[[ Given entries open ]]

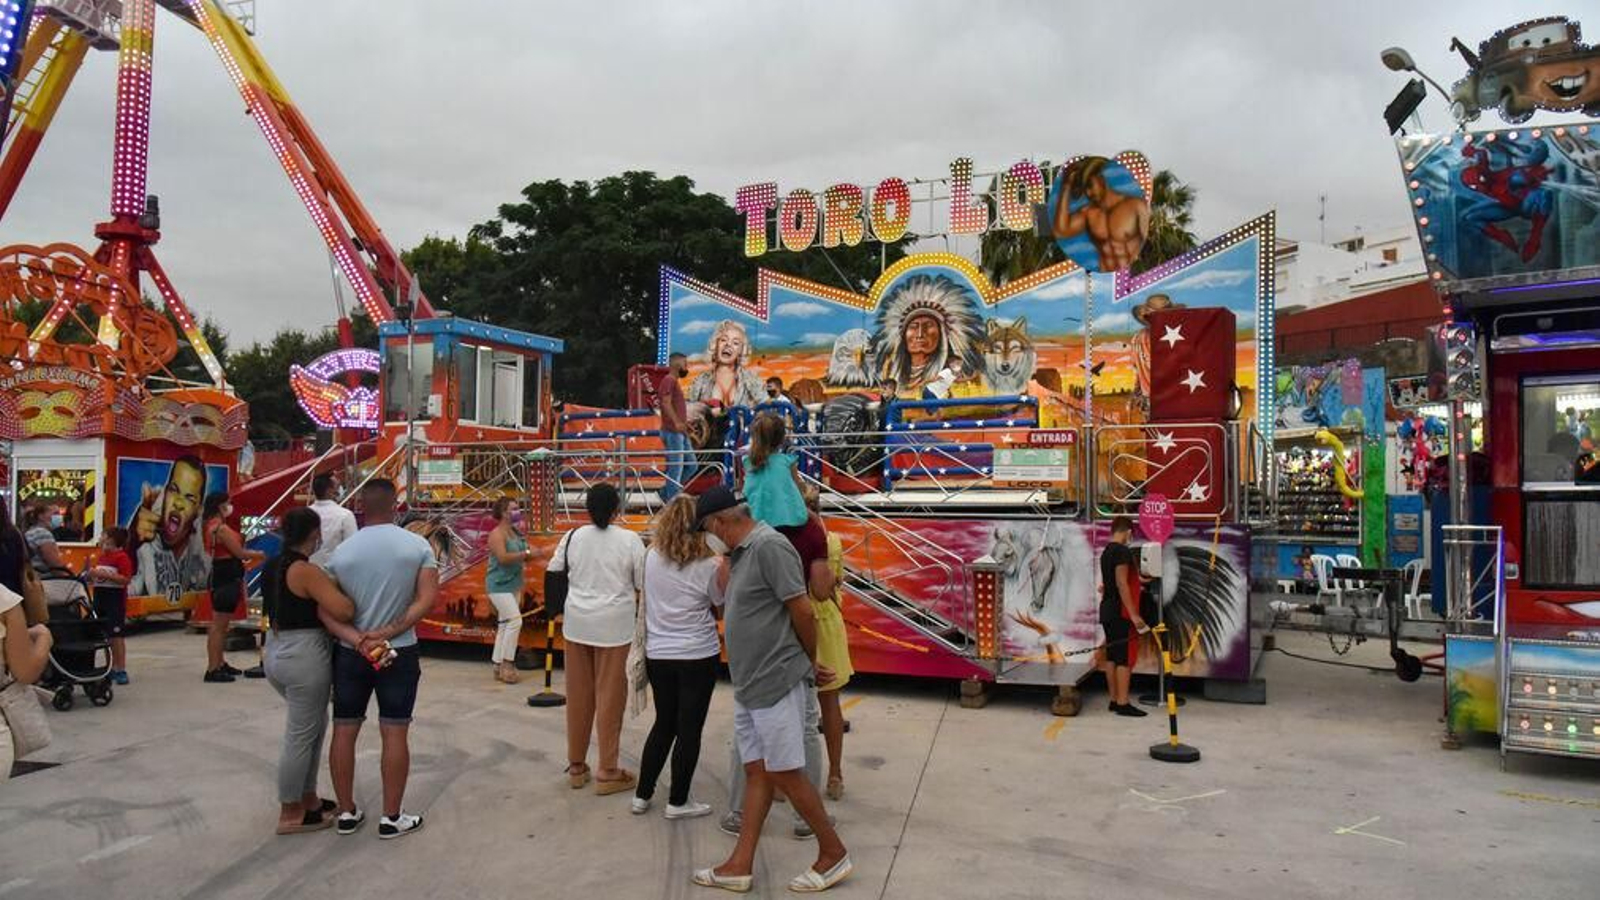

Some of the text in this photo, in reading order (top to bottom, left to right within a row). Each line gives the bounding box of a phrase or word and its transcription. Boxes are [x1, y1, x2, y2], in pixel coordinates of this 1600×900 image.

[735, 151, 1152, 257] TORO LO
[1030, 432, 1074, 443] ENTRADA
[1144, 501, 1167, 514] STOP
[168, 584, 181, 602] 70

[[ Given entries closed ]]

### Work instructions:
Leave out the pictures and output the rest of the records exactly.

### Answer box:
Some of the text in this photo, in reading order (top to bottom, left to right within a row). Each line gives the bounding box of a phrase or word and its transcription. Boxes are [x1, y1, x2, y2], in pixel coordinates of this 1600×900 image.

[735, 151, 1152, 257] TORO LO
[1030, 432, 1074, 443] ENTRADA
[1144, 501, 1167, 514] STOP
[168, 584, 181, 602] 70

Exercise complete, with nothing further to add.